While Harvard president Larry Summers provoked a fury last year by raising the specter of differences in cognitive ability between men and women, another recent study from the National Bureau of Economic Research examines the measurable differences in performance between boys and girls. Researcher Thomas Dee examines the marked achievement gaps between girls and boys in reading, science and mathematics in light of their teachers' gender.
Thomas Dee found that "assignment to a same-gender teacher significantly improves the achievement of both girls and boys as well as teacher perceptions of student performance and student engagement with the teacher's subject." While boys tend to fall behind girls' test scores in reading, Dee found that just one year with a male English teacher would eliminate nearly a third of the reading gap among 13-year-olds, by improving the performance of boys--and simultaneously harming that of girls.

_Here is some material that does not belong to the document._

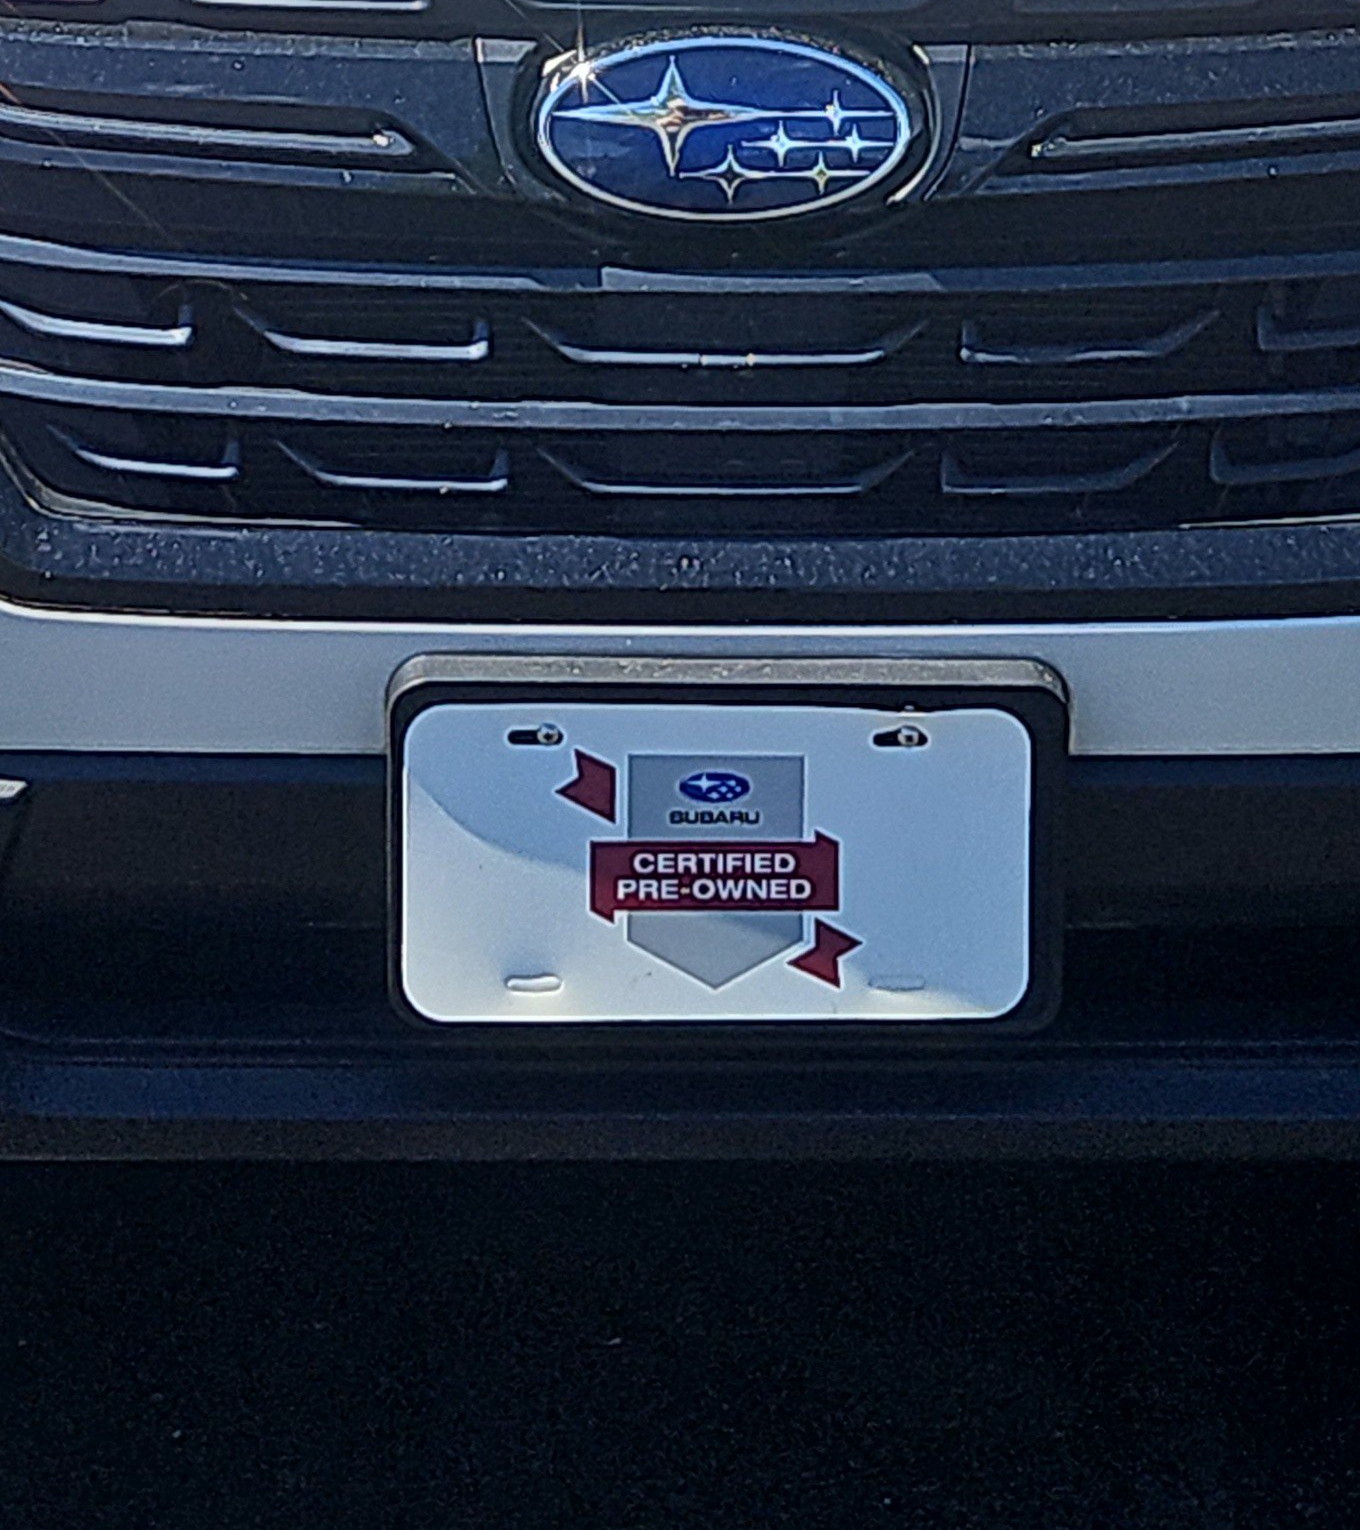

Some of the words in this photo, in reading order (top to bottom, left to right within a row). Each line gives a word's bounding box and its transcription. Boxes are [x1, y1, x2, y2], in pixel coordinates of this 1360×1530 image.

[670, 810, 761, 825] SUBARU
[633, 852, 796, 874] CERTIFIED
[616, 878, 812, 901] PRE-OWNED

Similarly, boys are more likely to not look forward to a particular academic subject when the subject is taught by a female, and are also more likely to be seen as disruptive when assigned to a female teacher. Girls, on the other hand, are more likely to claim that science is not useful for their future when taught by a male, and their science scores reflect their lack of investment in the subject.
In other words, gender gaps in educational outcomes may depend largely on the gender distribution of teachers by subject. Just a few years ago, Dee surprised the research community with his study of the impact of teacher race on student achievement, producing the first serious scholarship suggesting that teacher-student racial matches are in fact beneficial.